Task: If a record holds a picture, drop the picture and repeat everything else word for word.
=== Provided data ===
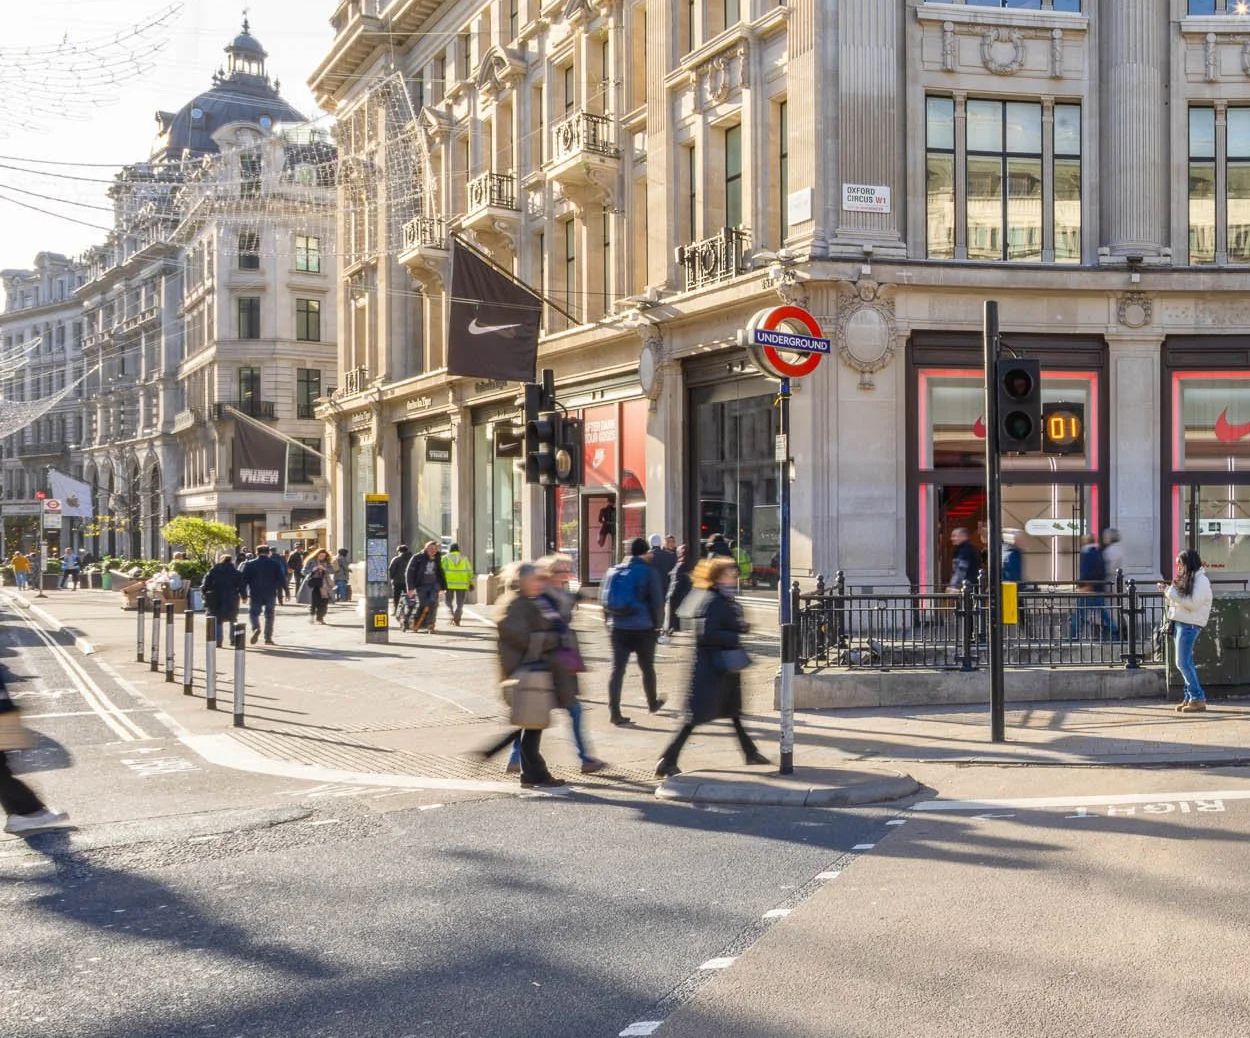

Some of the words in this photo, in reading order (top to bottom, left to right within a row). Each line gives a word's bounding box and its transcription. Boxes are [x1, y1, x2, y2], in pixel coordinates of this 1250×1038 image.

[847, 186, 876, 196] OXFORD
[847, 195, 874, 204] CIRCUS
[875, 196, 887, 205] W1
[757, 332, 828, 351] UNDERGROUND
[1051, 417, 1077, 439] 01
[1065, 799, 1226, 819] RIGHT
===
Answer to this task:
Some of the words in this photo, in reading order (top to bottom, left to right within a row). Each line gives a word's bounding box and its transcription. Boxes are [x1, y1, x2, y2], in pixel coordinates of this 1250×1038 image.

[847, 186, 876, 196] OXFORD
[847, 195, 874, 204] CIRCUS
[875, 196, 887, 205] W1
[757, 332, 828, 351] UNDERGROUND
[1051, 417, 1077, 439] 01
[1065, 799, 1226, 819] RIGHT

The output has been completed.